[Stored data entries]
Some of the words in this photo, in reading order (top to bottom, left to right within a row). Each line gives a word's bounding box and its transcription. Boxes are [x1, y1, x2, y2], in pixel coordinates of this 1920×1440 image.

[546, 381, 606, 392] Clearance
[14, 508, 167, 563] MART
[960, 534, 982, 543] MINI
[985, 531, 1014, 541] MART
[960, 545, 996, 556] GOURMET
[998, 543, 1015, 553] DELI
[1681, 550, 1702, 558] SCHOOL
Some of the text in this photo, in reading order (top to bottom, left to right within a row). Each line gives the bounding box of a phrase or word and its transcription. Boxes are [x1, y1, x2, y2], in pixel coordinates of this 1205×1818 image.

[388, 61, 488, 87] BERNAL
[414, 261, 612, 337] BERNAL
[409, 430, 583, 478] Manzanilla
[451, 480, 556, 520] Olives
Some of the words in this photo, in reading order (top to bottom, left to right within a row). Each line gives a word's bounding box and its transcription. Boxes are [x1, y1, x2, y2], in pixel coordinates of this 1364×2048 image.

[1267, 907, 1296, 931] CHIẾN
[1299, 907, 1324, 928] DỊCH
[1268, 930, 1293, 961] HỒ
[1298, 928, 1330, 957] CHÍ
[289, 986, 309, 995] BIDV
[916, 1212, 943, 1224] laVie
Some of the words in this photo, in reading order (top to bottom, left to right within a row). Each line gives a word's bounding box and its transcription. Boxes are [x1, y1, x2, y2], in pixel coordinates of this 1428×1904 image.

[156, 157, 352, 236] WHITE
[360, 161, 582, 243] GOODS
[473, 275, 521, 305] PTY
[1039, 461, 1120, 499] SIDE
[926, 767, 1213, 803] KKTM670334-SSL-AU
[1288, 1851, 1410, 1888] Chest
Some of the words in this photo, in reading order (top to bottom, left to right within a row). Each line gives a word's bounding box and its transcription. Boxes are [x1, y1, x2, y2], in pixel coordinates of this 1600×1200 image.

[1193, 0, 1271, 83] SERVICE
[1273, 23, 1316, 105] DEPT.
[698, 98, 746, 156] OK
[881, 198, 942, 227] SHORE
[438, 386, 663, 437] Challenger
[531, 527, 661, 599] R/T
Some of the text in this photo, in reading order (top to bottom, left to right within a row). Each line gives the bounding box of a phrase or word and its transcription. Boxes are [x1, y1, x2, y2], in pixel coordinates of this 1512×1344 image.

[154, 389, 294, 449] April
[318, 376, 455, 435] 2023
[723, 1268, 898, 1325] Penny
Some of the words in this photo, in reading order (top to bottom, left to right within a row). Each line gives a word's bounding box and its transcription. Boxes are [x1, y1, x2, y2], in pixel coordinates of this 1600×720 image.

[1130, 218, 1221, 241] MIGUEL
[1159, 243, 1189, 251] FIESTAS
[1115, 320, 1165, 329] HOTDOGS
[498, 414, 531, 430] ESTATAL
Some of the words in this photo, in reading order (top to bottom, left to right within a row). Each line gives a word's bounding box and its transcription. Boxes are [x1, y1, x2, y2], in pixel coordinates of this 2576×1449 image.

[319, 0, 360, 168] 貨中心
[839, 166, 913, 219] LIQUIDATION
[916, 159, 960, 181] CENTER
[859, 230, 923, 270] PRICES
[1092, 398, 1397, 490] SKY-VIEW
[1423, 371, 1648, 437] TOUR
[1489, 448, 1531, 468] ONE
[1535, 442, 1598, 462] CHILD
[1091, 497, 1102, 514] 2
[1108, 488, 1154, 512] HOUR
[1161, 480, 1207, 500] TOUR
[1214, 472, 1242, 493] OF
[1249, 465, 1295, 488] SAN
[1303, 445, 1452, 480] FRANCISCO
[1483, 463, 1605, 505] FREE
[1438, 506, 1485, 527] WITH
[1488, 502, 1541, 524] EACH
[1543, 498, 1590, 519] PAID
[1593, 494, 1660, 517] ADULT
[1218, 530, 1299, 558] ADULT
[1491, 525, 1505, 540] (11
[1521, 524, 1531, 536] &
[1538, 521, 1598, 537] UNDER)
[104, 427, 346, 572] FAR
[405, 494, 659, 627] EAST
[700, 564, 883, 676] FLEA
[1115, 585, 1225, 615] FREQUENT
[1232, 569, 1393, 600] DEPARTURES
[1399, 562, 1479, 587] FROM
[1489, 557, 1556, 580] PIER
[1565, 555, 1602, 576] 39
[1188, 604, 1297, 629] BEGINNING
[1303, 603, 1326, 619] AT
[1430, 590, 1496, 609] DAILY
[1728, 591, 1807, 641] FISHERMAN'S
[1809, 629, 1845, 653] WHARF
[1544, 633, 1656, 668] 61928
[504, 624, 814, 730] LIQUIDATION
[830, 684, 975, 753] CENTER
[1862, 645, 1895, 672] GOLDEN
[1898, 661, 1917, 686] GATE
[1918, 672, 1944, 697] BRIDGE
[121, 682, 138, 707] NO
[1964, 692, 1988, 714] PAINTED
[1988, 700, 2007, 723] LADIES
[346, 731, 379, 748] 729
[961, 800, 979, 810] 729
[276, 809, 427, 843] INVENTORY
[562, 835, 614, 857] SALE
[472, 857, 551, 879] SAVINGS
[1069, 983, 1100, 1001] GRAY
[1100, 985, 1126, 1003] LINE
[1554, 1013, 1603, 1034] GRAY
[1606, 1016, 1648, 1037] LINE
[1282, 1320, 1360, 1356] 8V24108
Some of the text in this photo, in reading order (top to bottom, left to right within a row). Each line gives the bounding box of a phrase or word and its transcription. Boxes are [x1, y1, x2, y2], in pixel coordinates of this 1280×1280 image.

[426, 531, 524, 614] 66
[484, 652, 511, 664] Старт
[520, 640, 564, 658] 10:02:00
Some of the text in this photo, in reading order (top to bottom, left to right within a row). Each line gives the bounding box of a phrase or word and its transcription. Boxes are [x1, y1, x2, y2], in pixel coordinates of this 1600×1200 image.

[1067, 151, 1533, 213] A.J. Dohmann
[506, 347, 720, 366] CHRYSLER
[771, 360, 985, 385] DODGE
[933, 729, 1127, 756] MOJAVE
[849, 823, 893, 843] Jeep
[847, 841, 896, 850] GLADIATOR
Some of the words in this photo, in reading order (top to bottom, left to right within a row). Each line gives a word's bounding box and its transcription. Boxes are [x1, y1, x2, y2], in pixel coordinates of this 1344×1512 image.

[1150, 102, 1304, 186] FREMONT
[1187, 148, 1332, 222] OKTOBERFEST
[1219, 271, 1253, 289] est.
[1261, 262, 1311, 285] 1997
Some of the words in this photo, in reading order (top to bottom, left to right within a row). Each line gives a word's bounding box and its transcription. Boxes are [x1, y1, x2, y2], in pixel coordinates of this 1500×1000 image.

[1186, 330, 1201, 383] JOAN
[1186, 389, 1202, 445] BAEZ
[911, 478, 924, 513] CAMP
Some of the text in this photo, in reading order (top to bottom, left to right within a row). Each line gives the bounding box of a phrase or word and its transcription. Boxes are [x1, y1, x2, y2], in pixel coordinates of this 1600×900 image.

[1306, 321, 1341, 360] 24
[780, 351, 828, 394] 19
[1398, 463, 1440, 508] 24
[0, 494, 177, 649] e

WHAT THE TASK REQUIRES: Beginning with the line that holds "this 1600×900 image.", please return every line through the end of the data, exactly as written.

ANSWER BELOW:
Some of the text in this photo, in reading order (top to bottom, left to right within a row). Each line gives the bounding box of a phrase or word and its transcription. Boxes are [x1, y1, x2, y2], in pixel coordinates of this 1600×900 image.

[1306, 321, 1341, 360] 24
[780, 351, 828, 394] 19
[1398, 463, 1440, 508] 24
[0, 494, 177, 649] e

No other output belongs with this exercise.